Middle school students from San Carlos, Calif., embarked on a “virtual field trip” to the Arizona State University laboratory of Quentin Wheeler last month, part of preparation for expansion of the ASU-Smithsonian online learning partnerships.

Twenty-two fifth- and sixth-graders from teacher Ben Sibrack's science class in San Carlos Charter Learning Center visited with Wheeler, director of the International Institute of Species Exploration and professor in the Global Institute of Sustainability, and Charles Kazilek, the assistant dean of technology, media and communications in ASU’s College of Liberal Arts and Sciences.

As reported in the Times, the "virtual field trip" was made possible through a high-definition videoconferencing. Vidyo, the company behind the technology used in this classroom experience, ASU classrooms and Smithsonian Institution, promotes it as a way for students in budget-strapped schools to explore the world without leaving the classroom.

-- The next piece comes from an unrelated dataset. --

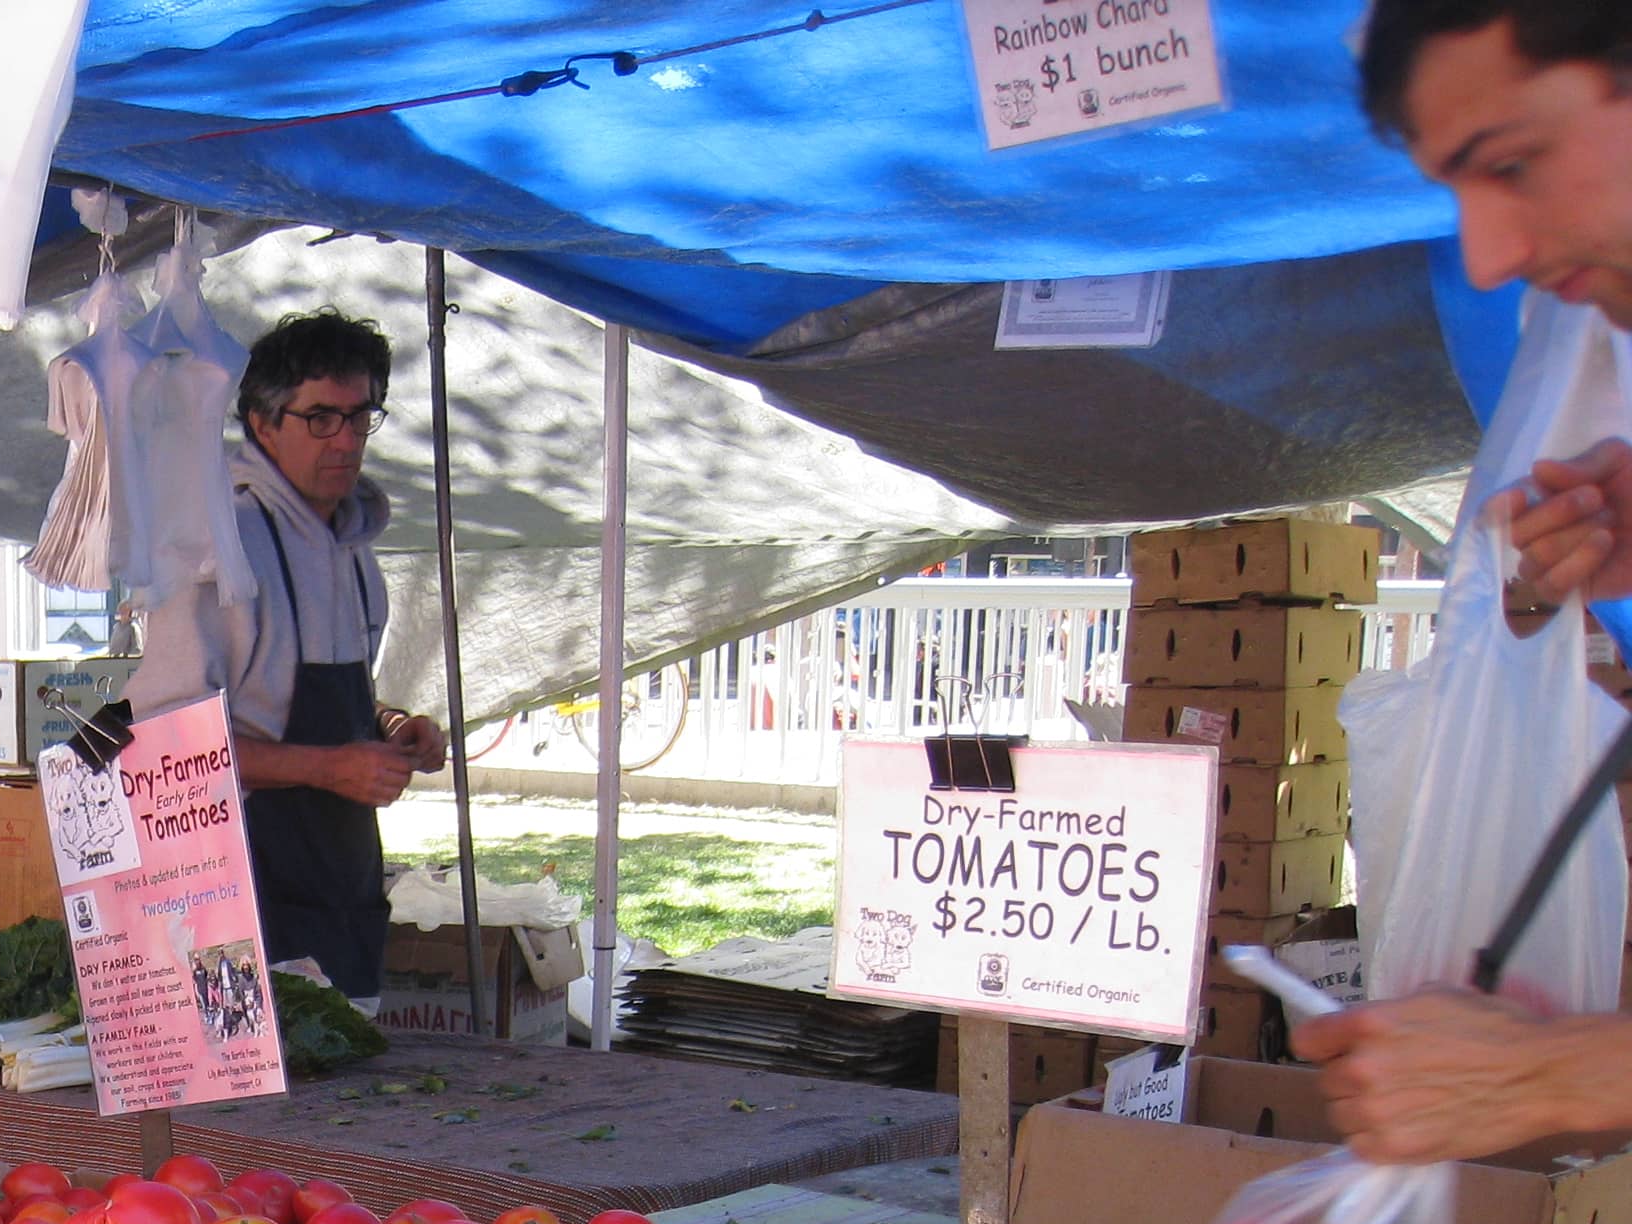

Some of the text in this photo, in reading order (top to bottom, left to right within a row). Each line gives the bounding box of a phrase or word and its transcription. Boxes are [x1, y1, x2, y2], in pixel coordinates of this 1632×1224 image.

The story notes that the “class spent an hour conversing with Wheeler, his face displayed on a screen that was often split into two or more images, some showing close-ups of various beetle species. Wheeler, a taxonomist and entomologist, showed off a black beetle that emits a foul odor when disturbed. Kazilek, noting the exotic locations where new insect species are discovered, pitched the kids on pursuing careers in science.

“What we need are young students that want to go out and explore the world," Kazilek told the Times. "What we need are young Indiana Jones and Janes."

According to Vidyo sources, the San Carlos virtual classroom was equipped with a MacBook plugged into an HD monitor and an off-the-shelf webcam. Students were able to talk with ASU scientists and see the hundreds of insects being studied in ASU insect collections.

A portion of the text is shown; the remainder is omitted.